There might be another reason that people in all cultures from the earliest of times have believed in God and a day of judgement for deeds done in the flesh besides the utilitarian benefits. We might believe it because it's true.
Even if there was no God, the concepts of heaven and hell would still exist. Because we, as humans, feel the need to be validated. We can’t do good just to be good people. We want to do good things and be repaid for it. People want a prize, an award for being good. Heaven is just that. You get into Heaven, a place with all of your desires fulfilled, if you are good enough. No one will ever do you good without expecting something in return.
There is also this need to punish what is bad. Some people just need to feel in control.
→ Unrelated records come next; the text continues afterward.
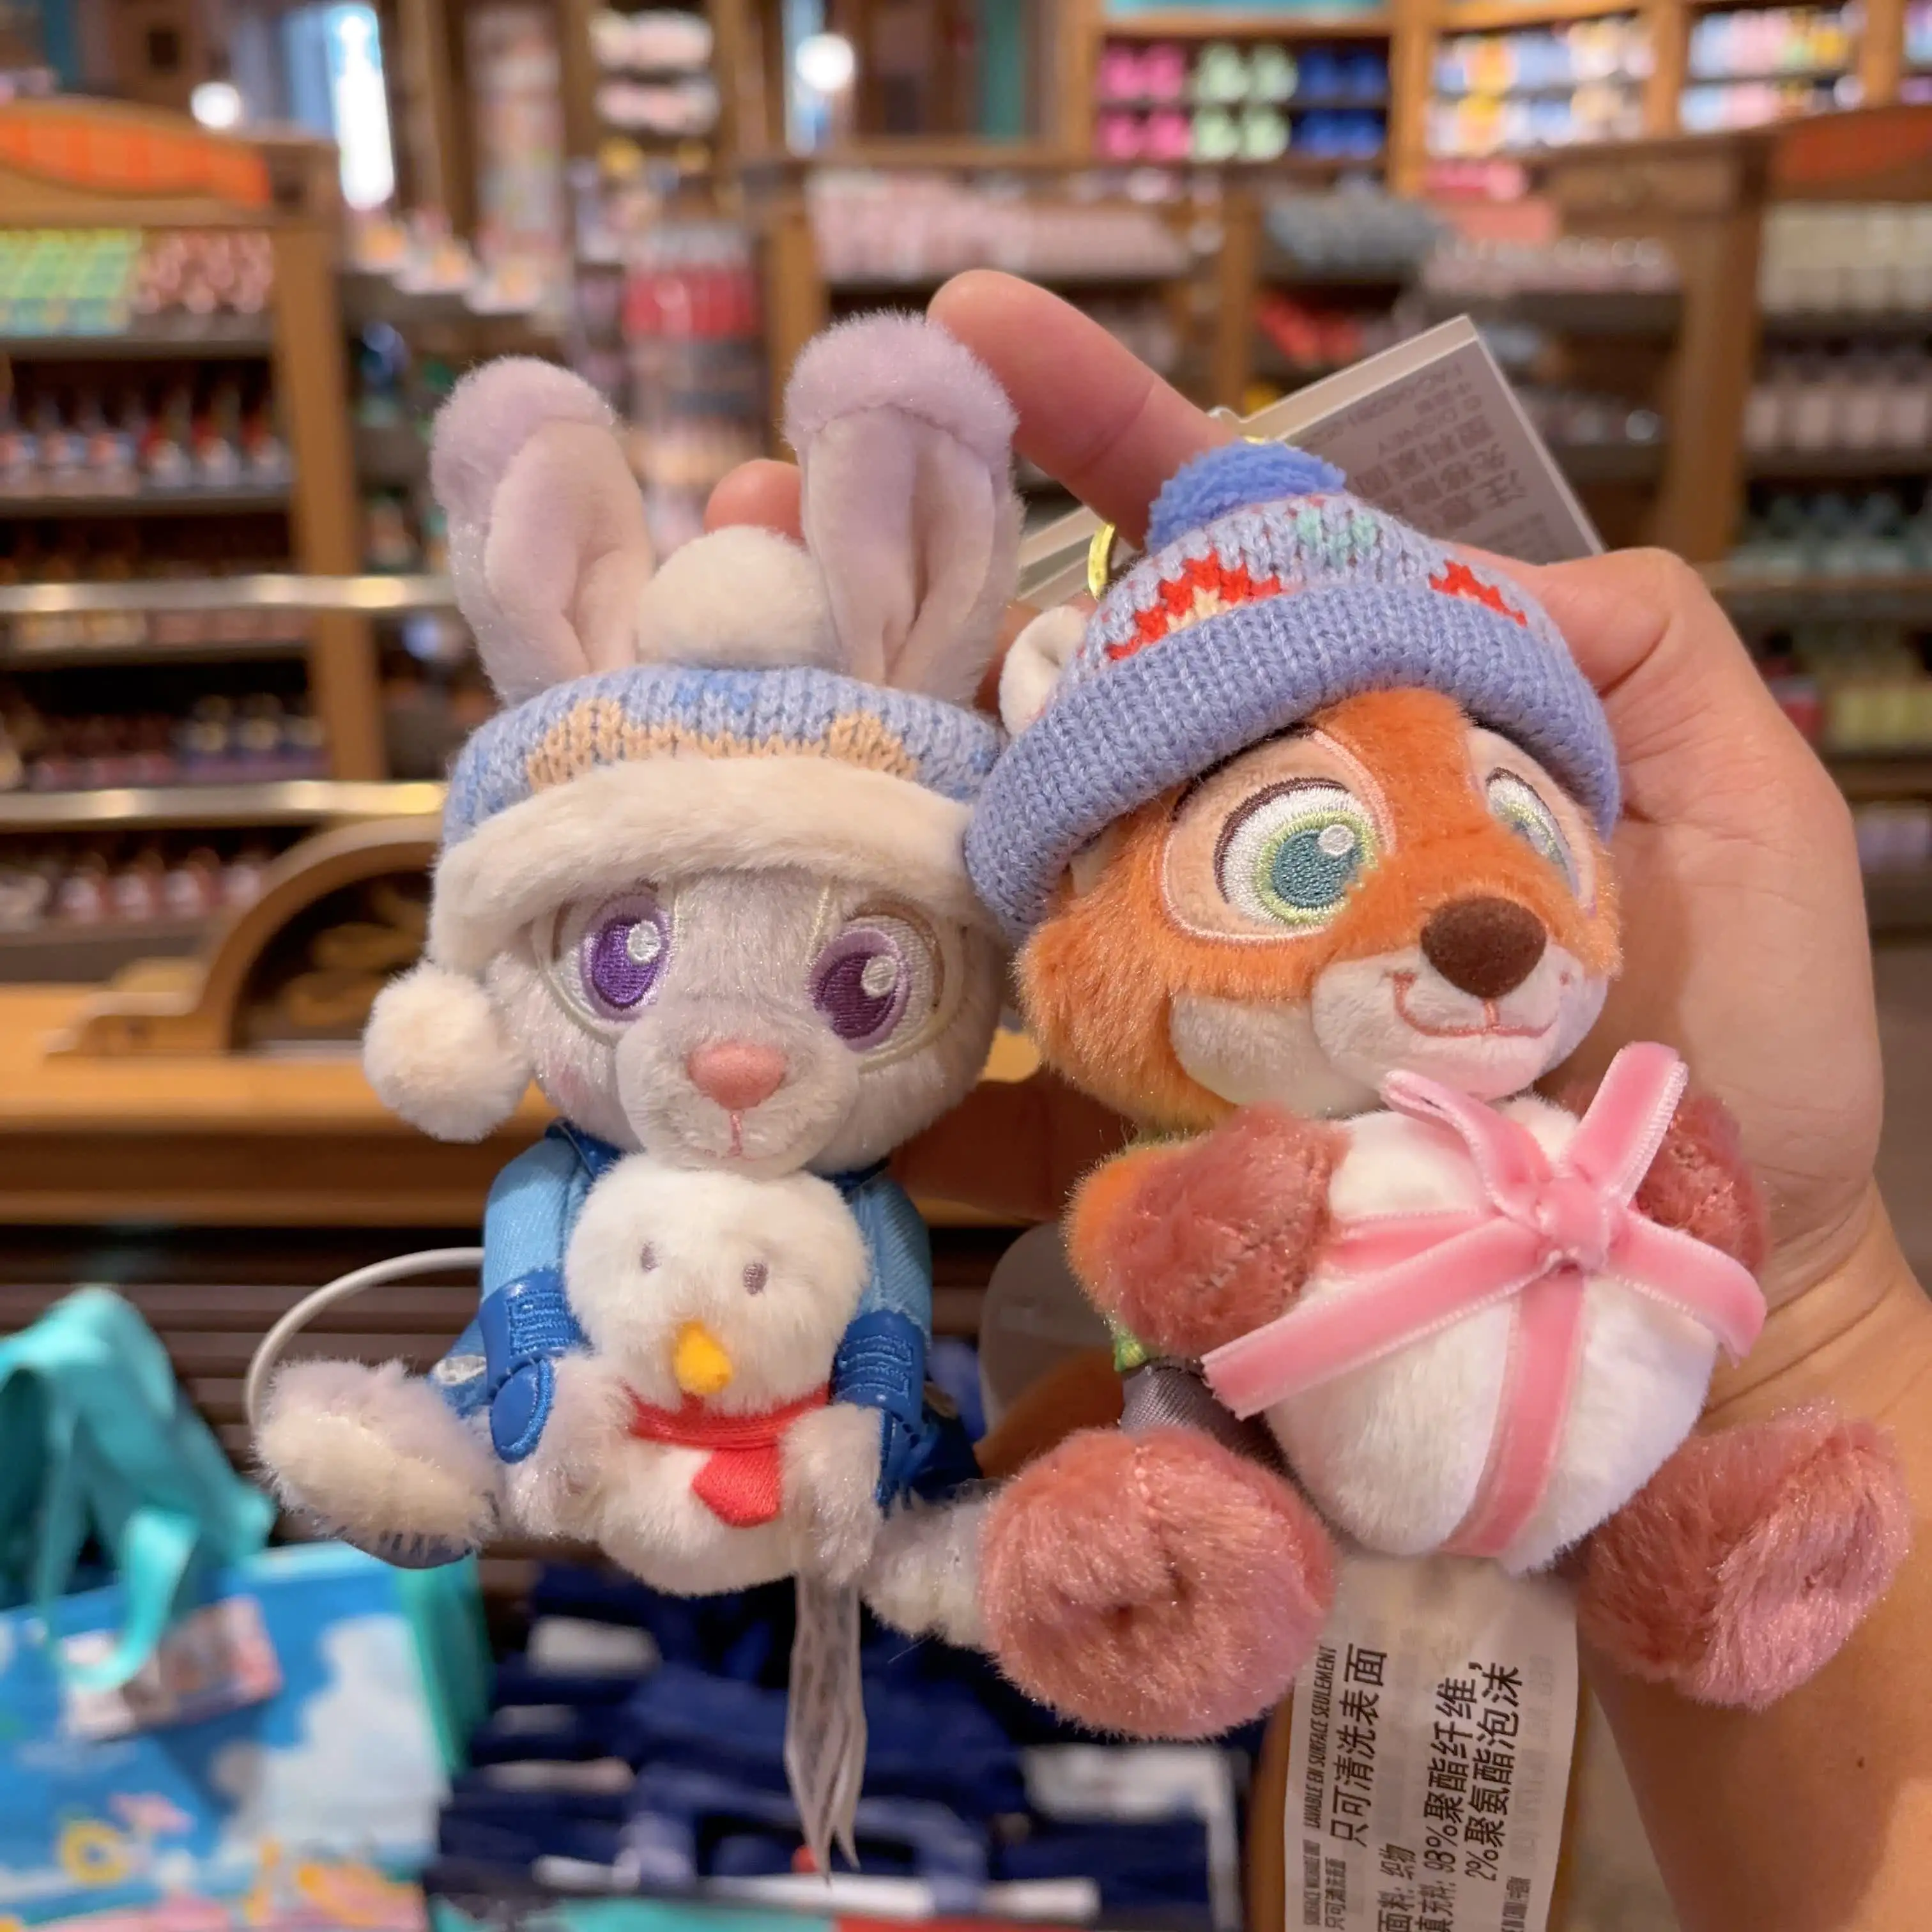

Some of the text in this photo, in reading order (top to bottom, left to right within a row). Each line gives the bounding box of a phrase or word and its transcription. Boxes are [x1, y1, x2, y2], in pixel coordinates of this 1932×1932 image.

[1311, 1644, 1337, 1718] SEULEMENT
[1308, 1717, 1328, 1766] SURFACE
[1330, 1643, 1387, 1848] 只可清洗表面
[1464, 1662, 1523, 1882] 2%聚氨酯泡沫
[1307, 1765, 1323, 1783] EN
[1303, 1784, 1322, 1829] LAVABLE
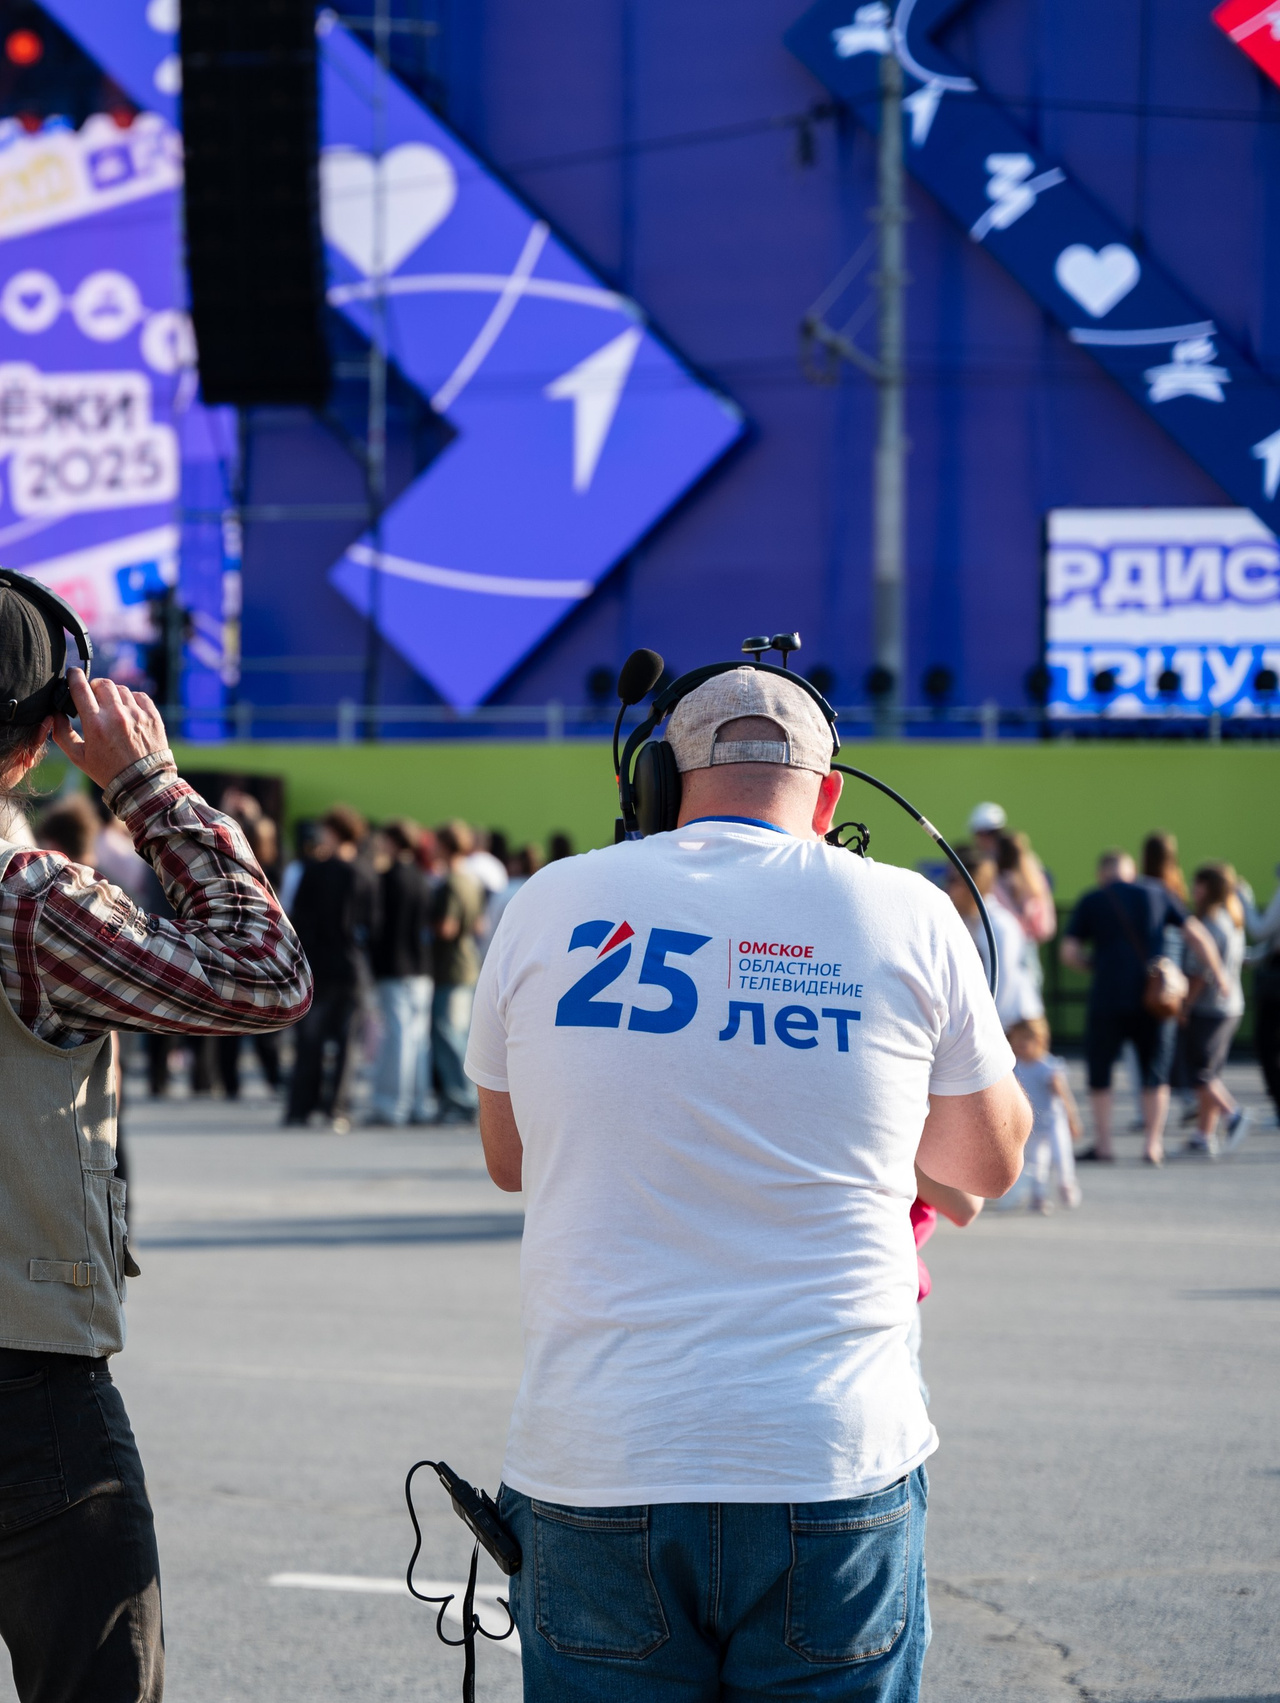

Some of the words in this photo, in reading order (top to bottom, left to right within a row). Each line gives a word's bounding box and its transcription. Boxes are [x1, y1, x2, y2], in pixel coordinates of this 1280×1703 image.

[26, 438, 163, 498] 2025
[1046, 649, 1280, 708] ПРИУ
[738, 940, 815, 959] ОМСКОЕ
[738, 958, 842, 977] ОБЛАСТНОЕ
[555, 920, 713, 1034] 25
[739, 975, 864, 998] ТЕЛЕВИДЕНИЕ
[719, 1000, 862, 1052] лет
They curse you to go to hell so that they can sleep better at night. To feel like they have control over your fate and destiny. Other people can’t personally get revenge and just hope that someday, somehow, the ones that wronged them will be punished. And believing that after death they will be punished according to their wrong-doings, in a place such as hell, where they will suffer just like you did, brings people comfort.
Heaven and hell are just concepts that bring us security, comfort, they make us feel safe. Like everyone will eventually get what they deserve. Whether it is for revenge, to feel in control, or just a reward for our good deeds, people will always need the concepts of heaven and hell.